The Brain in the Body: Human bodies are colonies of some 100,000,000,000,000 cells, around 250 types discovered so far. They include muscle, bone, blood, skin, eye, hair cells and cells of the central nervous system, which includes the brain. The brain is the central processing unit for the entire body. It receives all eternal data and generates an internal narrative for our conscious being. Everything that we know through the five natural senses or any spiritual insight is delivered via the brain. A brainless person cannot receive knowledge or revelation from God because brainless humans are typically dead humans. Now whether brain-dead humans can communicate with God is a different matter of cognition. We must remain open to the possibility that God can communicate to brain-dead beings.

The Left Brain’s Interpreter. How did the first humans qua humans (humans like us) learned anything? As humans evolved from prehuman primates, our brains developed a consciousness that could interpret complex data to reconcile the past with the present. Neuropsychologists call this mass of cells on the left hemisphere of our brains, “The Interpreter” first described by Michael Gazzaniga and Joseph LeDoux, based on experiments on split-brain patients by Gazzaniga. The interpreter convinces us that memories of the past can and must be reconciled to experiences of the present. This conciliation is justified by interpretation. This process is crucial in learning new information by revelation. The brain’s interpreter justifies the mind’s conciliation of the past with the present to preserve sanity. We ought to expect God to use his created physical universe to convey lessons to us. In the past, it was called knowledge from testimonies in sacred texts.

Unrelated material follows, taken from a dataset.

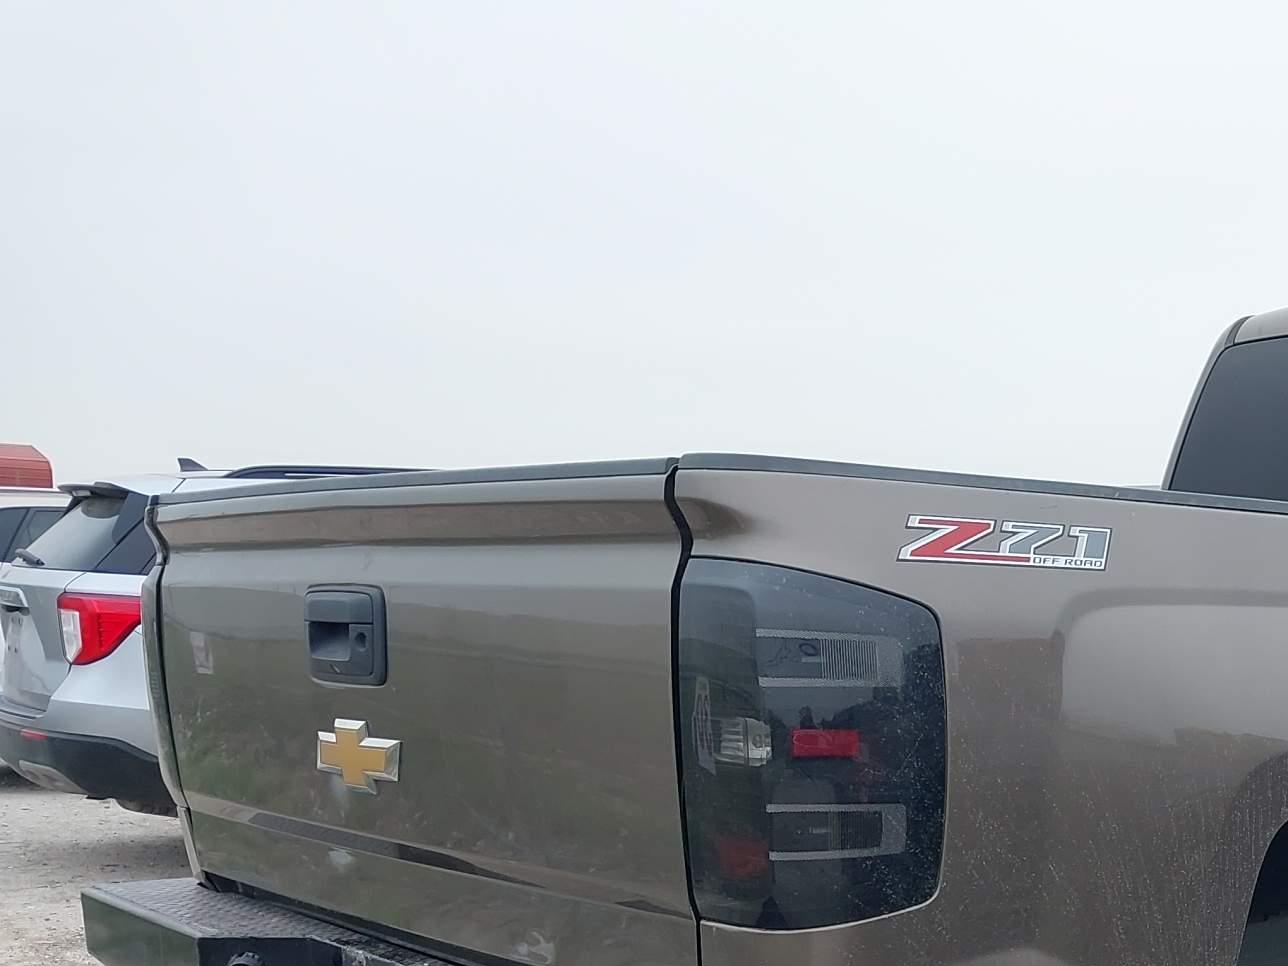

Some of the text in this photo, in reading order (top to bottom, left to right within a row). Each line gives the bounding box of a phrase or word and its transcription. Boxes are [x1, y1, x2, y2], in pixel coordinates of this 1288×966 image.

Today, we happen to call it knowledge from science. The more interesting question to ask is about Future Revelation. With advances in Artificial Intelligence especially that highlighted by the movie Blade Runner 2049, will our reliance of memory shaped by the Left Brain Interpreter change the what we think of revelation?Will God reveal through non-human cognition?Will we discover new methods of divine revelationary transmission? How will this change Christian beliefs about the doctrine of revelation?